Without including any images, repeat the listing below exactly.

━━━━━━━━━━━━━━━━━━━━

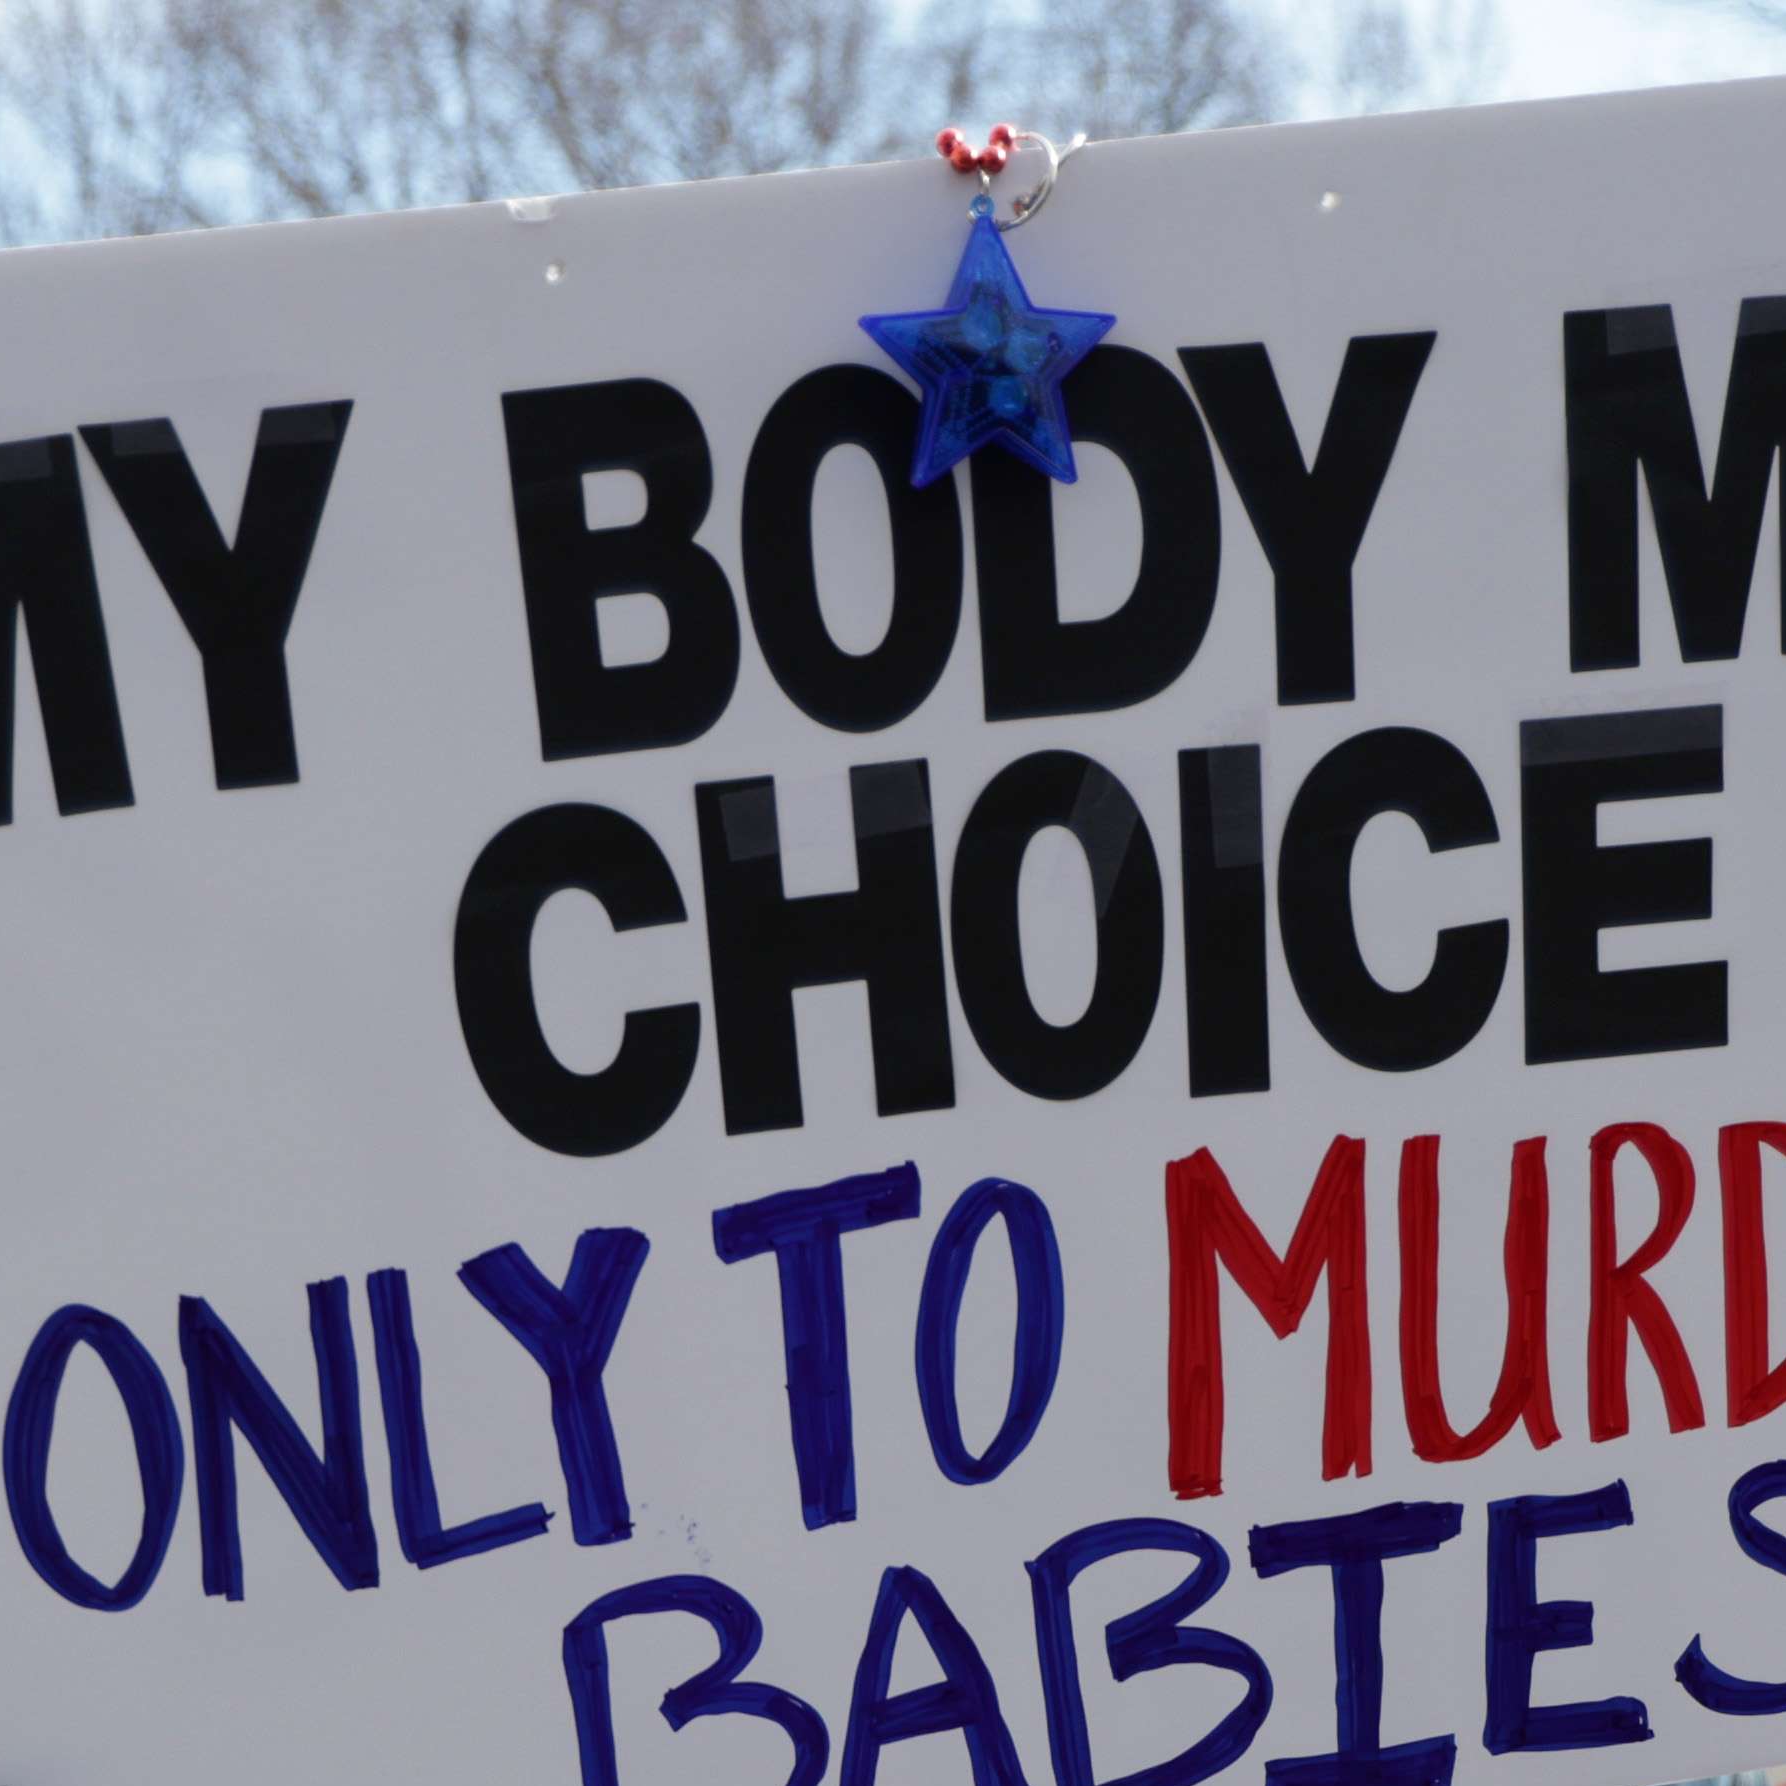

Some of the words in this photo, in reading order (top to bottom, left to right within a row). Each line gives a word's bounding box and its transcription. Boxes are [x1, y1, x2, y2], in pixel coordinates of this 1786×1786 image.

[500, 331, 1437, 762] BODY
[453, 704, 1728, 1157] CHOICE
[2, 1227, 651, 1612] ONLY
[712, 1160, 1065, 1531] TO

━━━━━━━━━━━━━━━━━━━━

→ RESPONSE BELOW:
Some of the words in this photo, in reading order (top to bottom, left to right within a row). Each line gives a word's bounding box and its transcription. Boxes are [x1, y1, x2, y2], in pixel coordinates of this 1786×1786 image.

[500, 331, 1437, 762] BODY
[453, 704, 1728, 1157] CHOICE
[2, 1227, 651, 1612] ONLY
[712, 1160, 1065, 1531] TO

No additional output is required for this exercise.